_Brief:_ Can you print the data exactly and leave out each image?
-- Opening Marker --
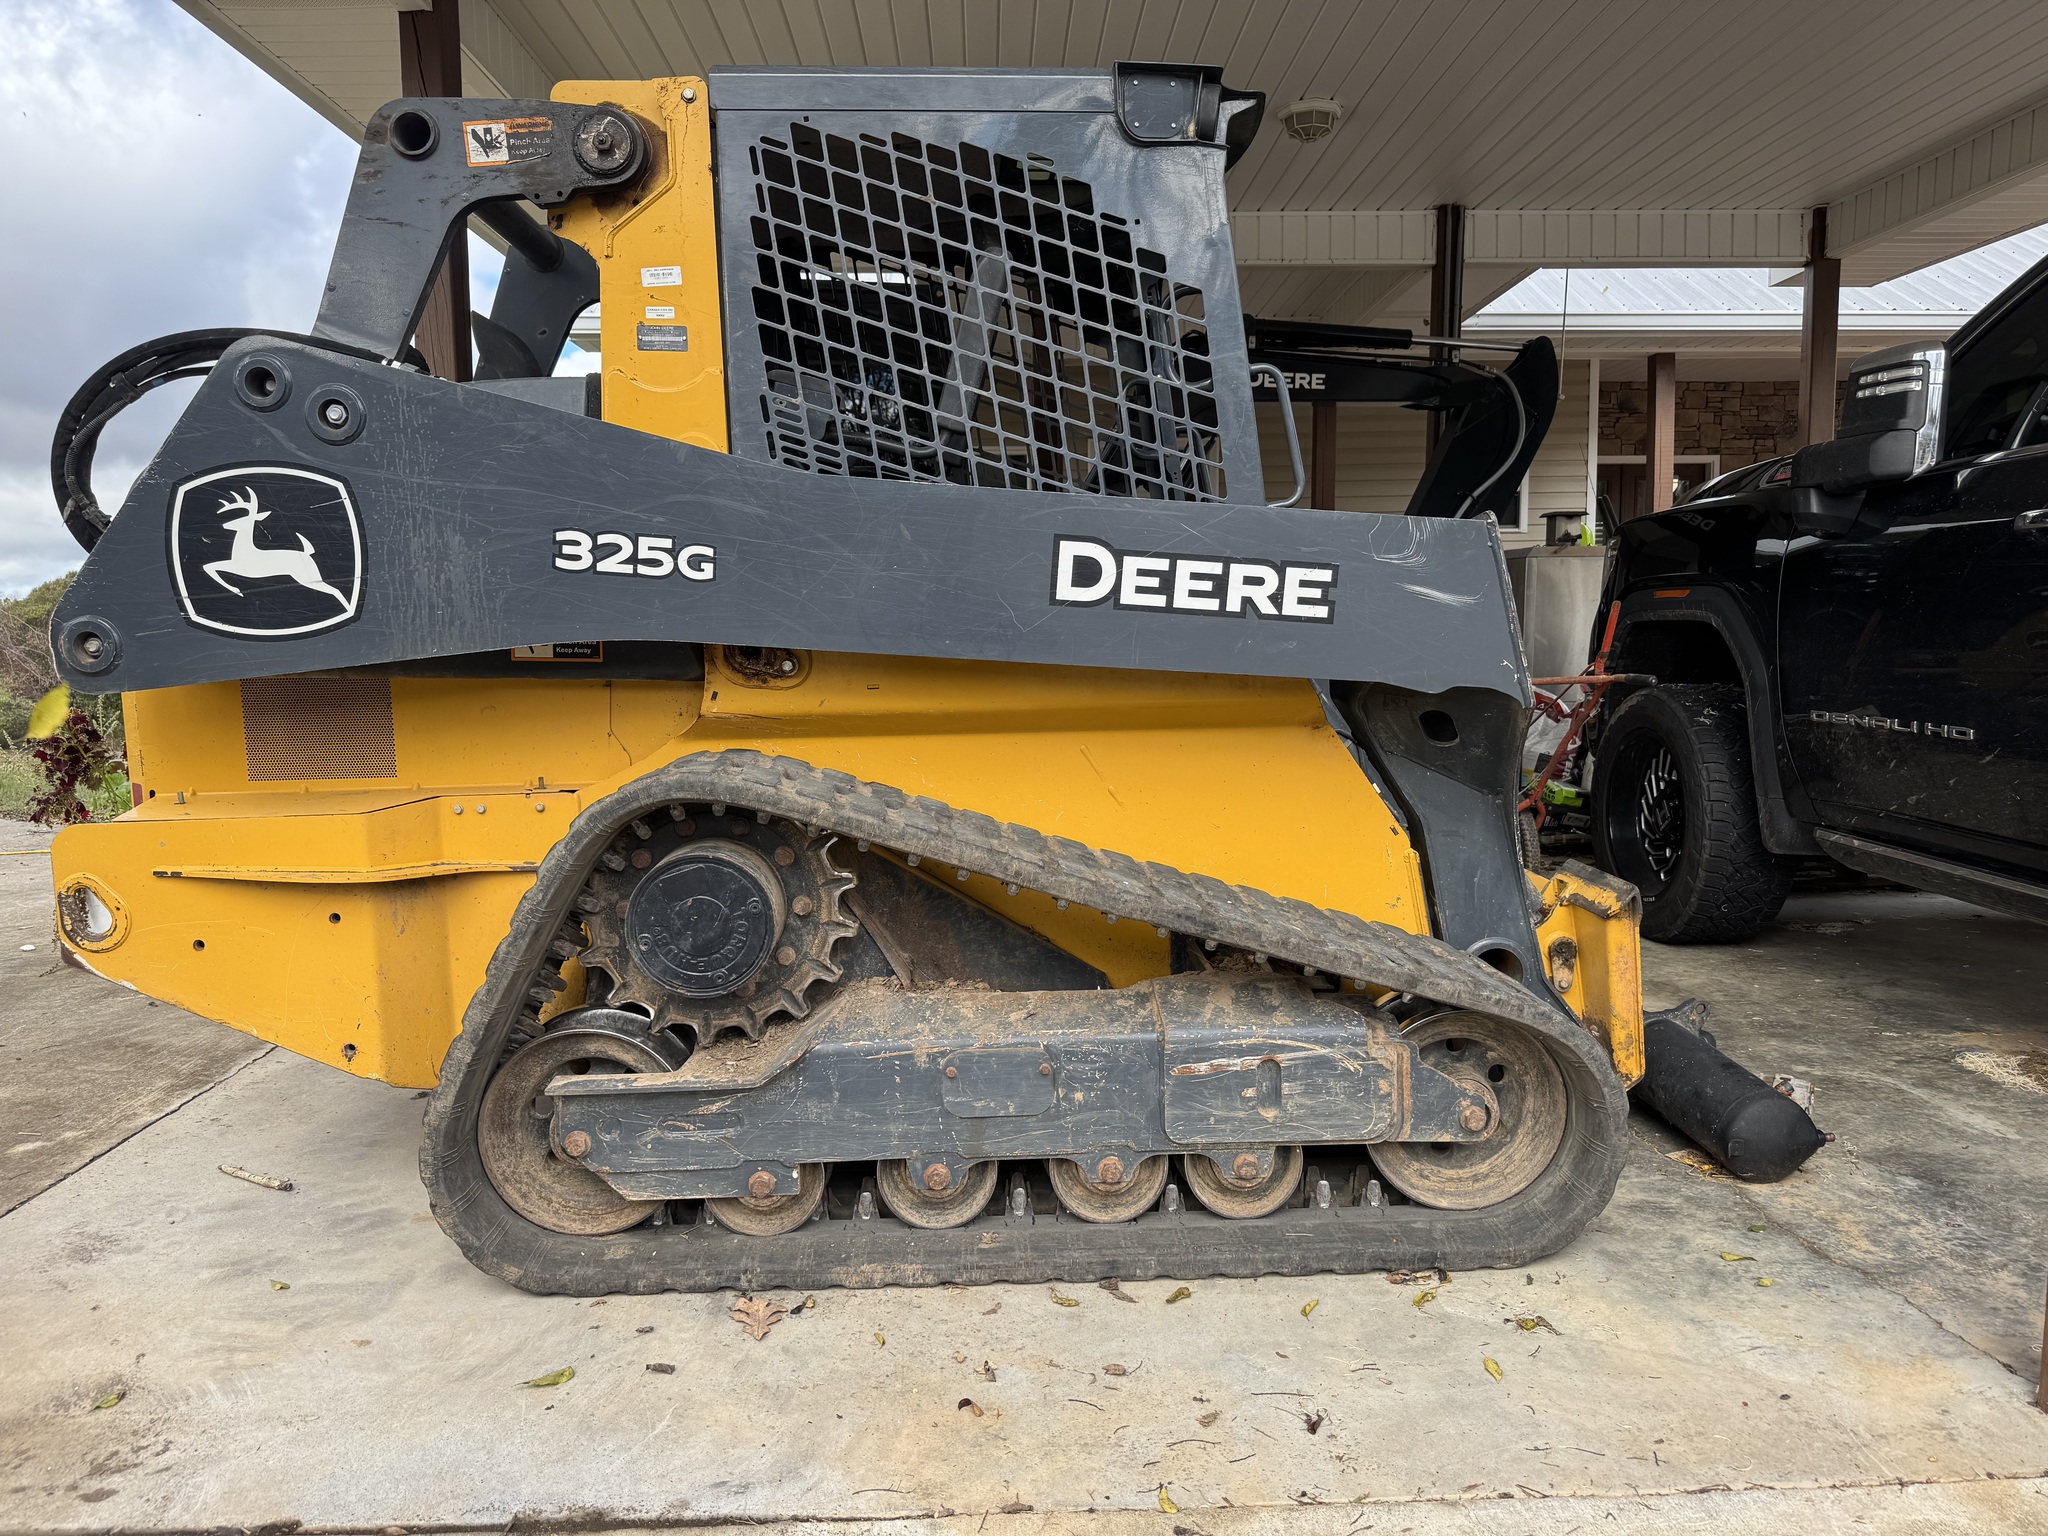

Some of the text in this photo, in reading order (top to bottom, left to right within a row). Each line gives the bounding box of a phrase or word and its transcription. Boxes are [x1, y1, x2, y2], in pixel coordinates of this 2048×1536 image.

[509, 138, 531, 146] Pinch
[555, 530, 714, 580] 325G
[1056, 540, 1333, 618] DEERE
[1810, 710, 1976, 740] DENALI HD
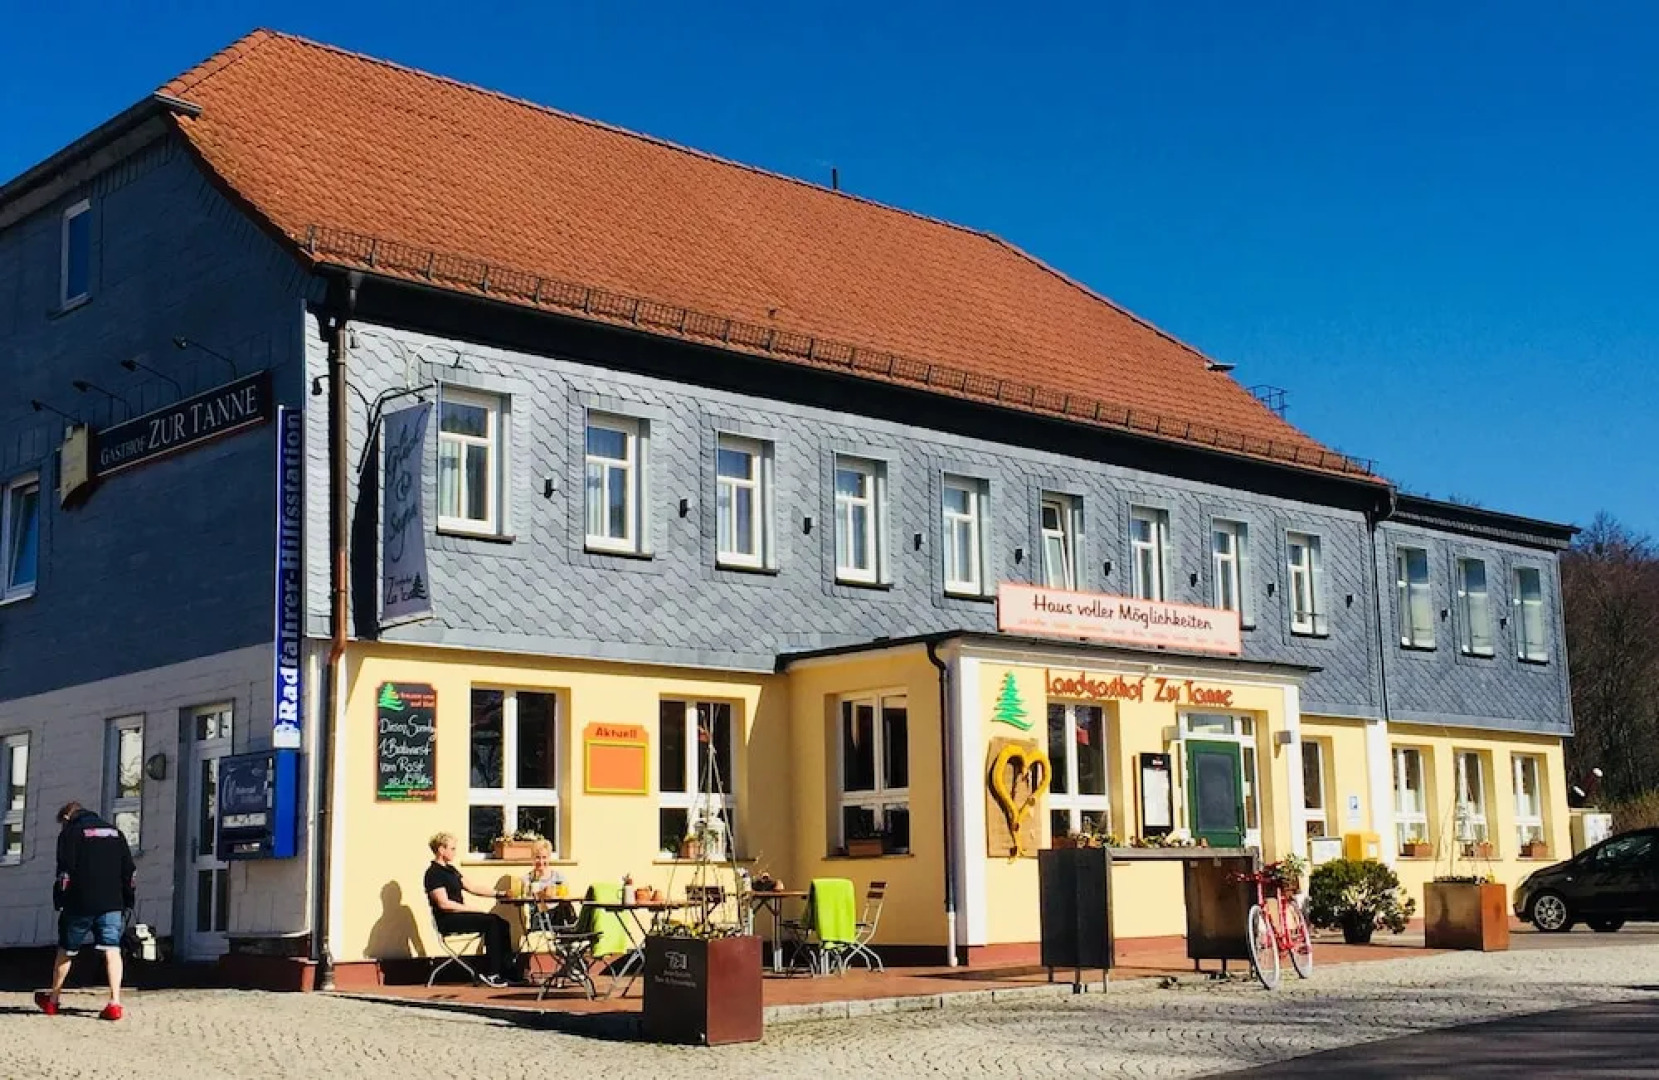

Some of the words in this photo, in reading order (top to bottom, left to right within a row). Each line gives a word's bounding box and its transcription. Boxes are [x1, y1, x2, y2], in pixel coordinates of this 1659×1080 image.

[100, 434, 146, 466] GASTHOF
[148, 412, 186, 449] ZUR
[190, 384, 259, 435] TANNE
[278, 413, 299, 723] Radfahrer-Hilfsstation
[1033, 593, 1073, 615] Haus
[1076, 598, 1115, 620] voller
[1118, 603, 1214, 631] Möglichkeiten
[1045, 667, 1146, 701] Landgasthof
[1153, 676, 1182, 703] Zur
[1183, 679, 1234, 706] Tanne
[595, 727, 638, 739] Aktuell
-- Closing Marker --
_Exercise response:_
Some of the text in this photo, in reading order (top to bottom, left to right within a row). Each line gives the bounding box of a phrase or word and its transcription. Boxes are [x1, y1, x2, y2], in pixel coordinates of this 2048×1536 image.

[509, 138, 531, 146] Pinch
[555, 530, 714, 580] 325G
[1056, 540, 1333, 618] DEERE
[1810, 710, 1976, 740] DENALI HD

Some of the words in this photo, in reading order (top to bottom, left to right within a row). Each line gives a word's bounding box and its transcription. Boxes are [x1, y1, x2, y2], in pixel coordinates of this 1659×1080 image.

[100, 434, 146, 466] GASTHOF
[148, 412, 186, 449] ZUR
[190, 384, 259, 435] TANNE
[278, 413, 299, 723] Radfahrer-Hilfsstation
[1033, 593, 1073, 615] Haus
[1076, 598, 1115, 620] voller
[1118, 603, 1214, 631] Möglichkeiten
[1045, 667, 1146, 701] Landgasthof
[1153, 676, 1182, 703] Zur
[1183, 679, 1234, 706] Tanne
[595, 727, 638, 739] Aktuell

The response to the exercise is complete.